The elections of 1954

In 1954, Eugenio Maria de Hostos stepped down from politics and announced that he would not seek re-election. This greatly dashed hopes of the NPP to win the Presidency. Instead of putting forth a new candidate for that election, they instead endorsed Antonio de la Rioja, the PDC’s Presidential candidate. De La Rioja won by a narrow majority against Ismael Miranda y Lopez of the IU.

The De La Rioja Administration

De La Rioja was eager for San Martin to lead the way in economic and technological advancement, particularly in space exploration. De La Rioja was a conservative, anti-communist, in favor of tax cuts and smaller government. He was very supportive of business and was known for his toughness on crime and guerrilla movements. His presidency is remembered first for his negotiations with the left-wing guerrilla groups and second for his breaking off said negotiations. It is also remembered for a growing degree of unpopularity in polls as his term progressed and accusations of corruption. Some critics accused him of accepting bribes from leading FSMT members, but no concrete and specific evidence of that was presented during his presidency.

The elections of 1958

De La Rioja announced that he would seek a second term, but he died of a heart attack a month before the elections. This greatly destroyed chances for the PDC or the PNP to win the Presidency. It was then when Eugenio Maria de Hostos decided to seek re-election to his old job under the NPP. The PDC, lacking a candidate and returning a political favor, endorsed De Hostos for President. De Hostos was re-elected with an overwhleming majority over Altamiran Senator Alfonso Castillo of the IU.

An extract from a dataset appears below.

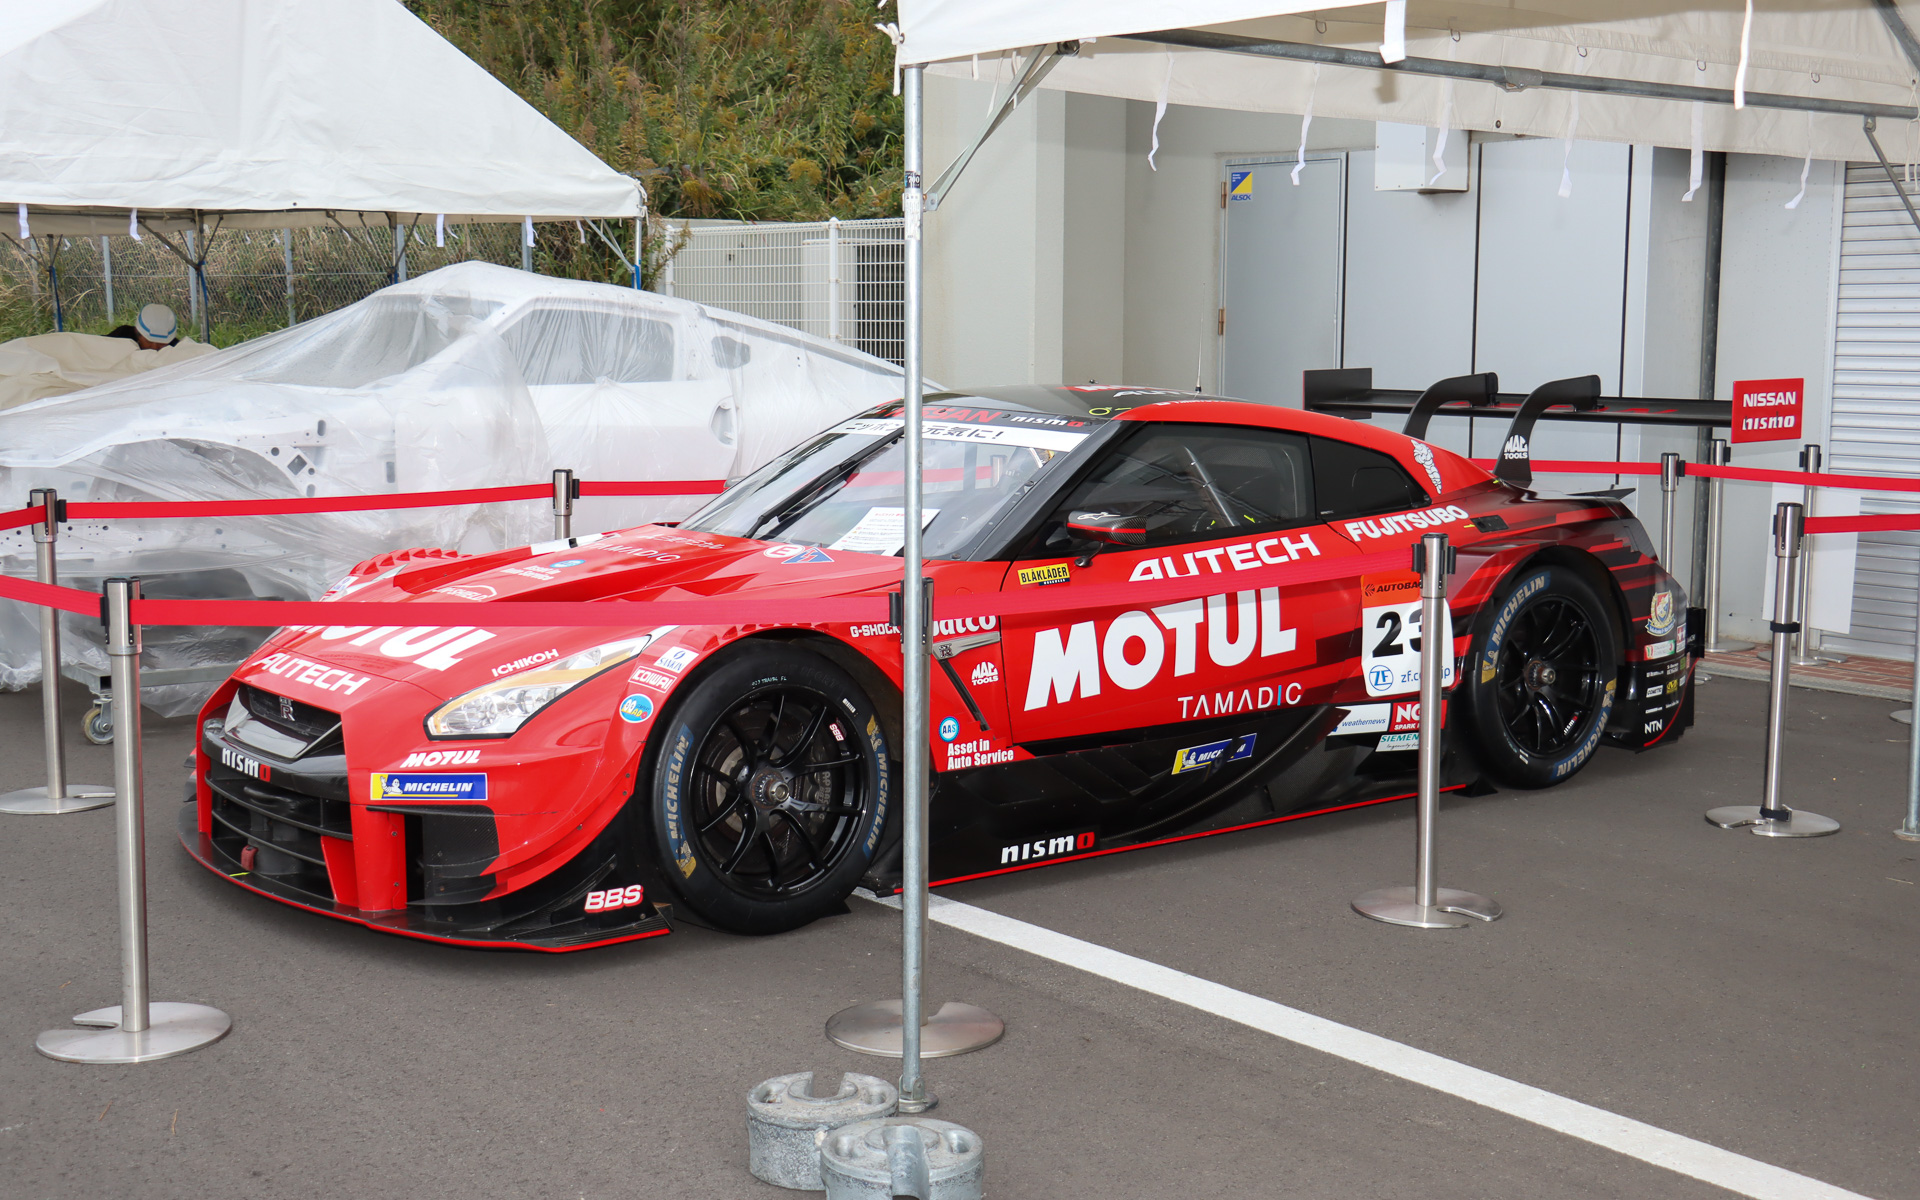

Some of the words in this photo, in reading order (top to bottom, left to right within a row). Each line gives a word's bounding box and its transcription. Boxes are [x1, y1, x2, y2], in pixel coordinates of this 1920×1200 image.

The Second De Hostos Administration

It was in De Hostos’s second term (1958 – 1961) that several bombings throughout Altamira and Ponce occurred. Several government installations were bombed by FARSM guerrillas, and FSMT guerrillas would respond by periodic incursions into FARSM territory and killing hundreds of farmers, FARSM supporters and members. This became an all-out war between both guerrillas with the national government constantly caught in between. Under Defense Minister Gonzalez, the army of the Republic was made into a strong, well-equipped and trained fighting force of 599,000 men. Gonzalez's declared priority has been to contain or defeat main armed groups in San Martin, and military operations launched against all groups increased in intensity, especially against FARSM. Military intelligence intercepted a message from FARSM leaders calling for all its guerrilla units to try to assassinate De Hostos or Gonzalez.

The elections of 1961

The 1961 elections became a staunchly fought election. The PDC-PNP alliance had broken after De Hostos struck down many PDC bills that would establish requirements for balanced budgets and would reform the nation’s tax code. De Hostos had to campaign hard, especially for Ponce and Las Cruces. In October 1, while in a major campaign stop in Ponce, De Hostos was assasinated by a FARSM member. He shot De Hostos five times, he died instantly. Investigation concluded that the FARSM was being supported by the USSR and East Germanian elements, and that much of the financial support sent by them went into planning the assasination.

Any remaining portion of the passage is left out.